> ## Documentation Index
> Fetch the complete documentation index at: https://docs.adaptive-ml.com/llms.txt
> Use this file to discover all available pages before exploring further.

# Datasets

> Upload datasets for training and evaluation

Datasets contain examples for training and evaluating models. Upload them as JSONL files.

<Tabs>
  <Tab title="SDK" icon="code">
    ## Upload a dataset

    ```python theme={null}
    adaptive.datasets.upload(
        file_path="training-data.jsonl",
        dataset_key="customer-support-v1",
    )
    ```

    | Parameter     | Type | Required | Description                              |
    | ------------- | ---- | -------- | ---------------------------------------- |
    | `file_path`   | str  | Yes      | Path to JSONL file                       |
    | `dataset_key` | str  | Yes      | Unique identifier                        |
    | `name`        | str  | No       | Display name (defaults to `dataset_key`) |

    ## Dataset formats

    Each line in your JSONL file must follow one of these schemas:

    **Prompts and completions** (most common):

    ```json theme={null}
    {"messages": [{"role": "user", "content": "Hello"}], "completion": "Hi there!"}
    ```

    **Prompts only** (for evaluation with generated completions):

    ```json theme={null}
    {"messages": [{"role": "user", "content": "Hello"}]}
    ```

    **With feedback metrics** (for training on ratings):

    ```json theme={null}
    {"messages": [...], "completion": "...", "feedbacks": {"quality": 0.8, "helpful": true}}
    ```

    **With preferences** (for RLHF/DPO training):

    ```json theme={null}
    {"messages": [...], "preferred_completion": "Good answer", "other_completion": "Bad answer", "feedback_key": "quality"}
    ```

    **With images (multimodal)**:

    ```json theme={null}
    {"messages": [{"role": "user", "content": [{"type": "text", "text": "Describe this image"}, {"type": "image", "url": "data:image/jpeg;base64,/9j/4AAQ..."}]}], "completion": "A photo of a cat sitting on a desk."}
    ```

    Use `content` as a list of parts to interleave text and images. Each image must be a base64 data URI (JPEG, PNG, WebP, or GIF, up to 10 MB each). External URLs are not supported.
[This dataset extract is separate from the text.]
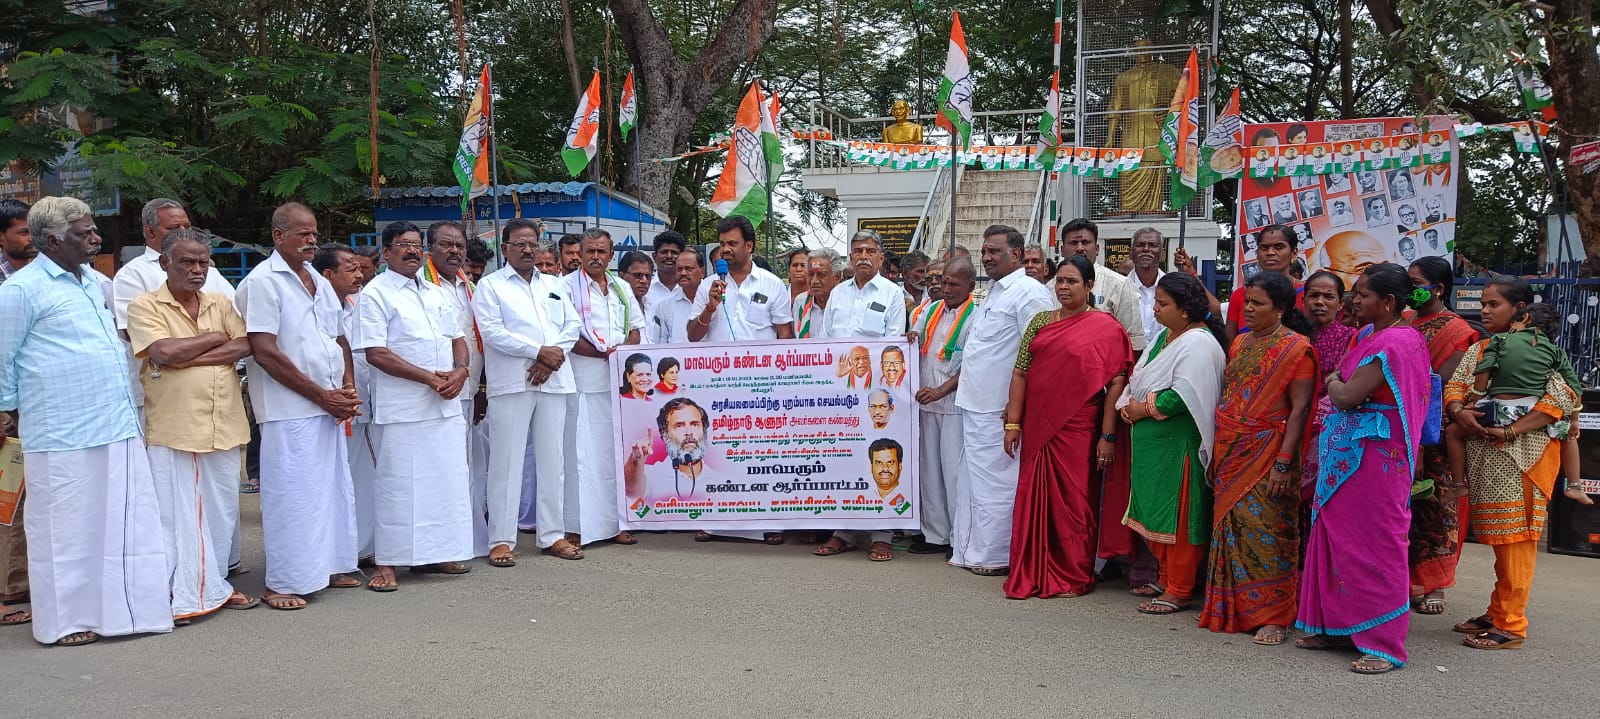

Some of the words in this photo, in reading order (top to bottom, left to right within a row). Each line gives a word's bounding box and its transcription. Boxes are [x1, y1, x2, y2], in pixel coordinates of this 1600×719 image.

    <Accordion title="Dataset vs chat image format">
      Datasets and the chat API use different image schemas:

      ```python theme={null}
      # Dataset format
      {"type": "image", "url": "data:image/jpeg;base64,..."}

      # Chat API format (see Models page)
      {"type": "image_url", "image_url": "data:image/jpeg;base64,..."}
      ```
    </Accordion>

    Add optional `labels` or `metadata` fields to any format for filtering or custom graders.

    See [SDK Reference](/v0.14/reference/sdk) for all dataset methods.
  </Tab>

  <Tab title="UI" icon="mouse-pointer">
    ## Upload a dataset

    Navigate to your project and open the **Datasets** tab. Click **Upload Dataset** and select a JSONL file.

    The file must contain one JSON object per line. See the SDK tab for supported formats, including multimodal datasets with images.
  </Tab>
</Tabs>